O presidente Fernando Henrique Cardoso fez ontem um apelo aos bancos para que baixem as taxas de juros. ‘‘Eu faço um apelo, de que é preciso baixar os juros. Todos os brasileiros estão preocupados com o setor produtivo, sobretudo com as pequenas e médias empresas, que não podem pegar recursos lá fora e são, portanto, as que pagam as taxas mais elevadas’’, disse ele em São Luís, onde esteve por uma hora e meia para prestigiar a governadora Roseana Sarney (PFL), que retornava ao estado após uma ausência de dois meses.
O presidente disse que a toda hora é cobrado a respeito da queda das taxas de juros, e que o governo já está fazendo a sua parte. ‘‘A linha do governo está clara: os juros têm que baixar e estão baixando.’’ Segundo Fernando Henrique, o governo está baixando as taxas do interbancário e disse que os bancos brasileiros ‘‘estão se acostumando agora a ter cálculo de risco’’ e se readaptando para que possam, também, baixar as taxas.
Nas áreas relacionadas diretamente com o governo, como a agricultura, ‘‘os juros são de 8,75% ao ano e mais nada’’, observou o presidente. ‘‘São os mais baixos das últimas décadas’’, afirmou. Segundo ele, o pequeno produtor só paga 4,75%. ‘‘Mas o mais importante é que os bancos têm que baixar as taxas, também. Isso não é o governo’’, ressaltou.

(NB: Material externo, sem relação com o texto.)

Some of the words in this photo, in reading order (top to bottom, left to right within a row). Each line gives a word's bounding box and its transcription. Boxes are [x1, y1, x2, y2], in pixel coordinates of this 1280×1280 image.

Ele disse que os juros já começam a cair também no setor privado. ‘‘Nós já sentimos um começo de modificação no crediário’’, afirmou. Ainda assim, ele defendeu maior pressão sobre o mercado financeiro, para que baixe ainda mais as taxas.

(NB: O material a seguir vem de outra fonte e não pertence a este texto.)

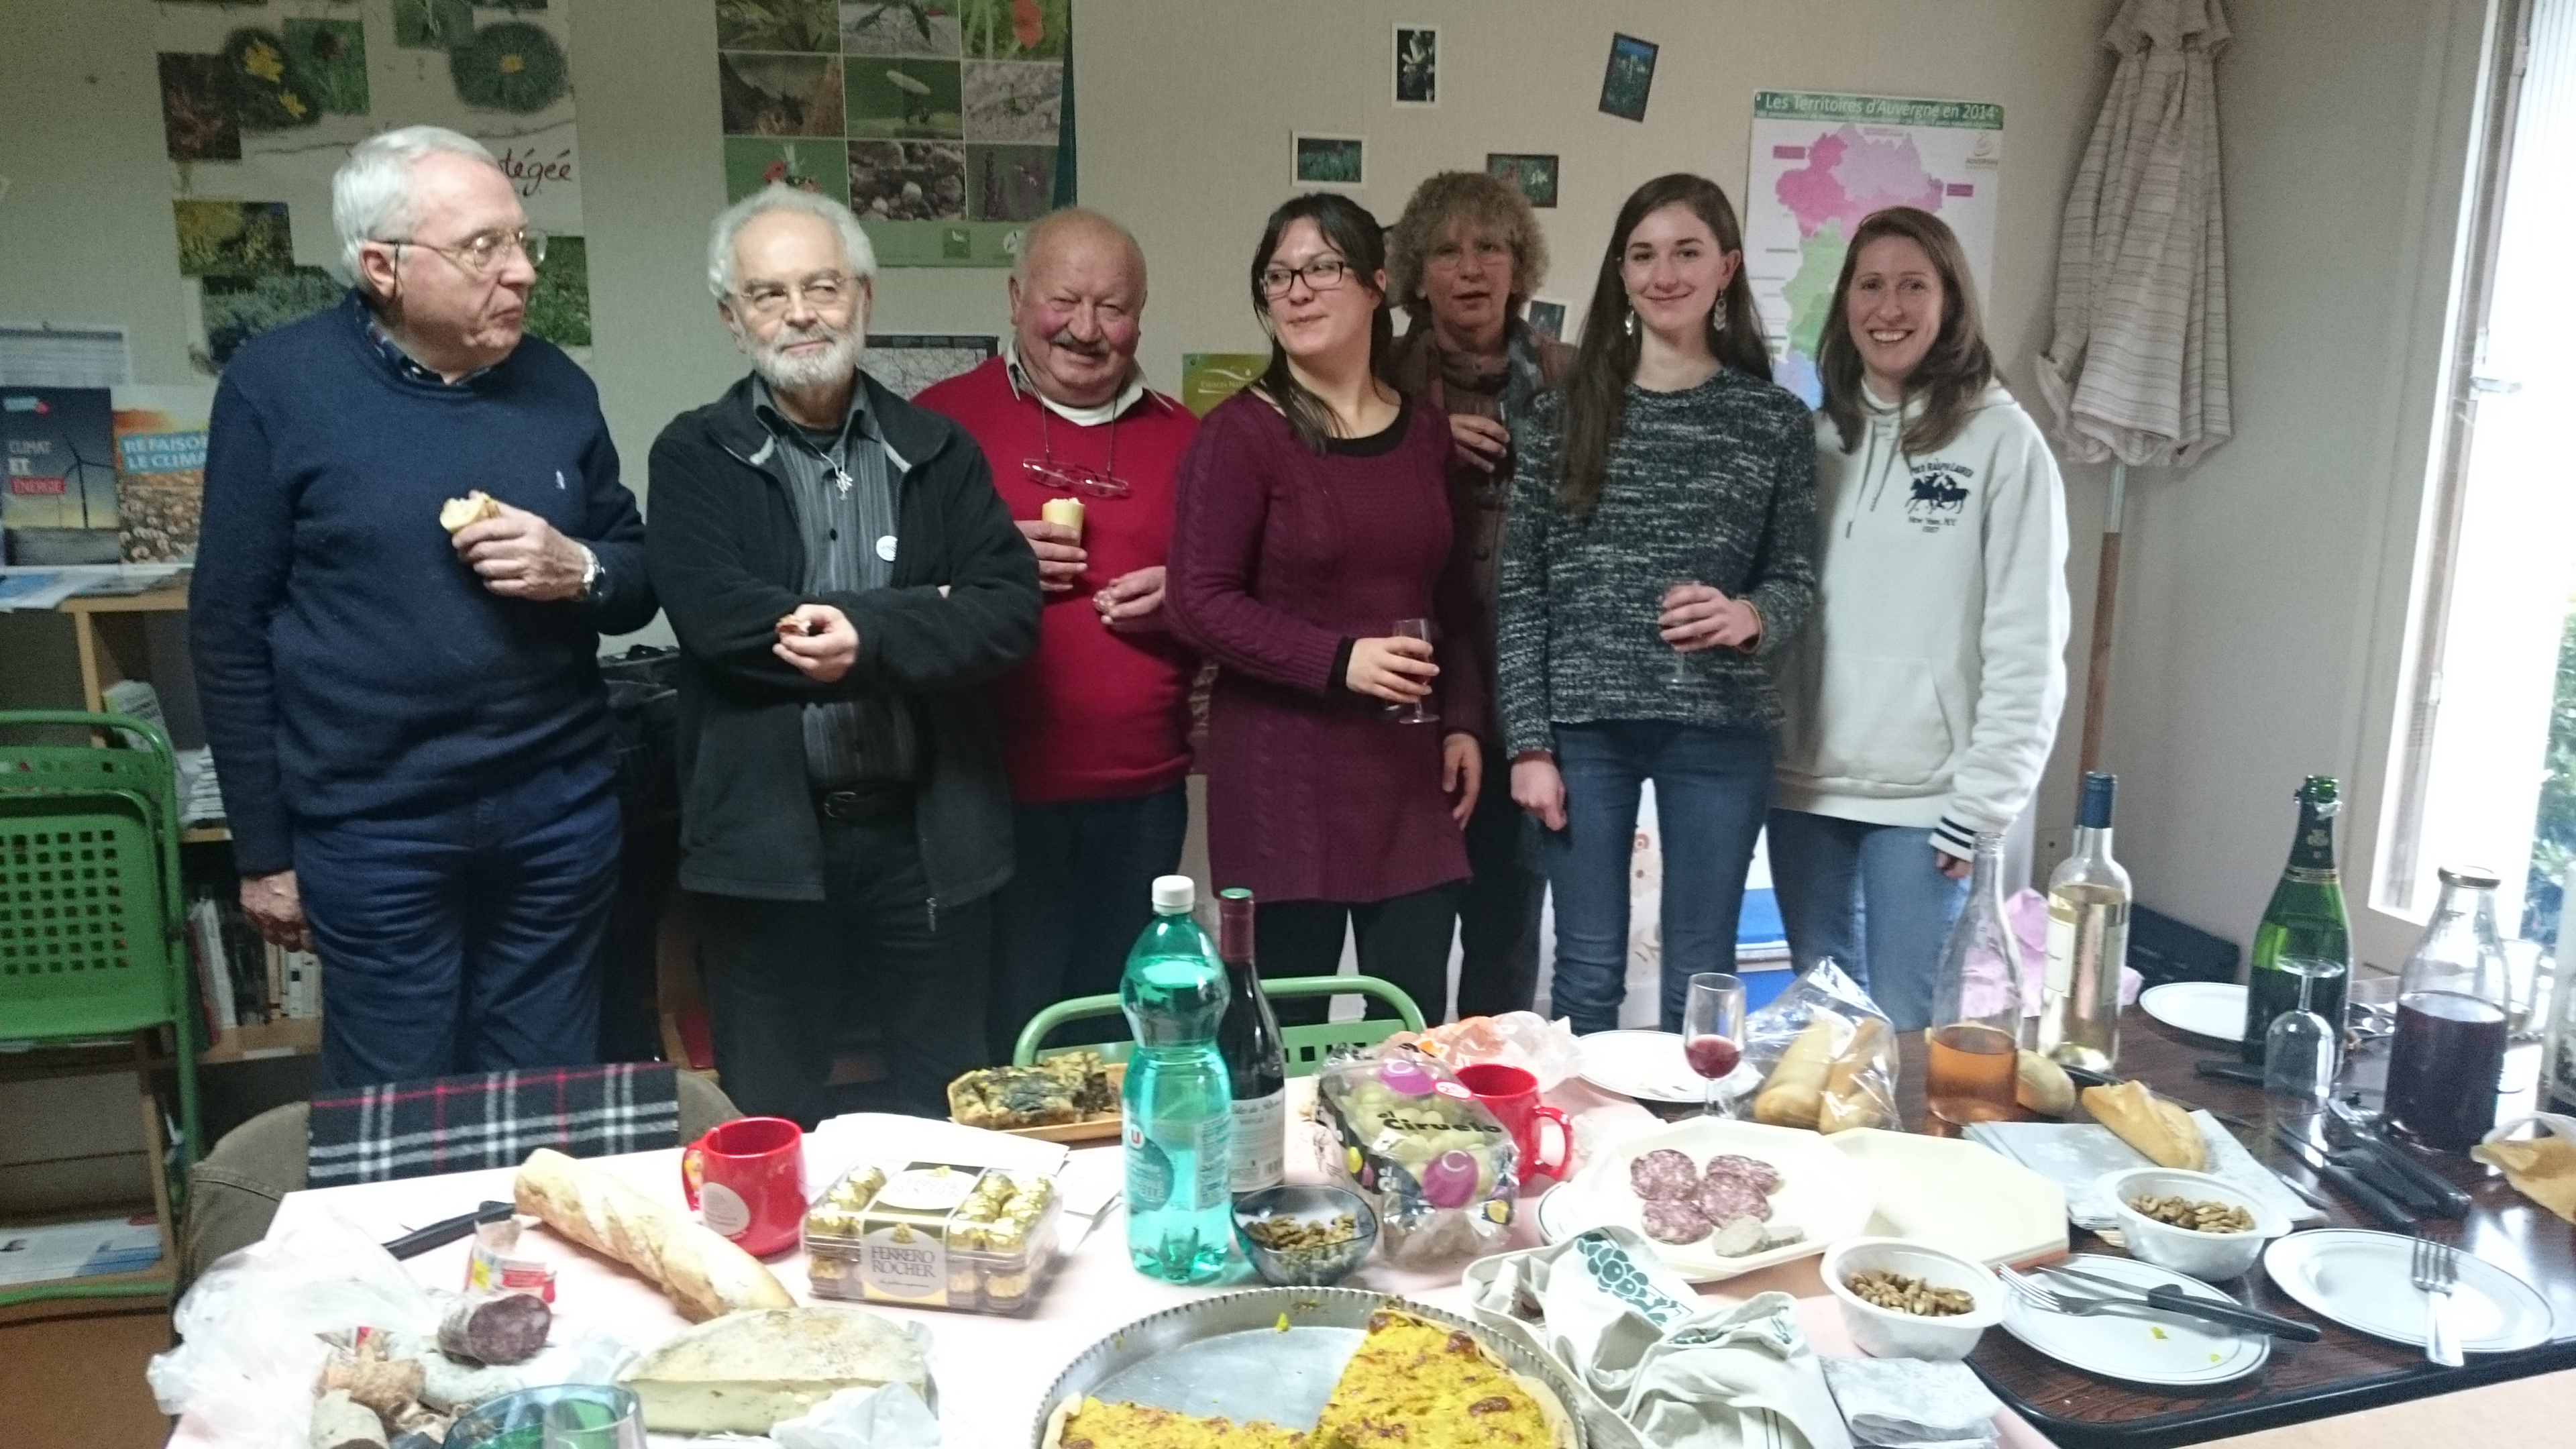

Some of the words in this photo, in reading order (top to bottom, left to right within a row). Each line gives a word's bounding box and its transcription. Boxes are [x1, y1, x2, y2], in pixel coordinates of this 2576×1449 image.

[1766, 93, 1789, 109] Les
[1794, 95, 1863, 113] Territoires
[1866, 99, 1940, 119] d'Auvergne
[1943, 105, 1960, 117] en
[1962, 103, 1996, 119] 2014
[8, 457, 32, 475] ET
[1377, 1111, 1395, 1119] el
[1383, 1118, 1503, 1134] Ciruelo
[871, 1246, 936, 1264] FERRERO
[871, 1259, 936, 1278] ROCHER

Fernando Henrique comentou também sobre a participação de grupos estrangeiros nas telefônicas privatizadas. ‘‘Pessoalmente, gostaria muito que mais empresas nacionais tivessem ganho’’, disse ele, mas ponderou que não pode interferir. Sejam empresas com controle de estrangeiros ou brasileiros, observou, ‘‘elas têm metas a atingir, têm de responder pelo interesse público, fazer telefone numa certa proporção, ter controle de tarifas e atender aos objetivos nacionais’’.
Para o presidente, ‘‘o capital pode ser nacional ou não; os objetivos é que são nacionais’’, e a Agência Nacional de Telecomunicações (Anatel) ‘‘tem de zelar por esse objetivo’’. Ele lembrou que em outros países ocorre algo semelhante. ‘‘Se for olhar a composição acionária da Telefónica de Espa¤a, não sei se a maioria é espanhola’’, exemplificou.
Fernando Henrique viajou com Roseana até São Luís no Boieng presidencial e participou de rápido ato público no aeroporto. Roseana submeteu-se a várias cirurgias e agora retoma sua campanha pela reeleição.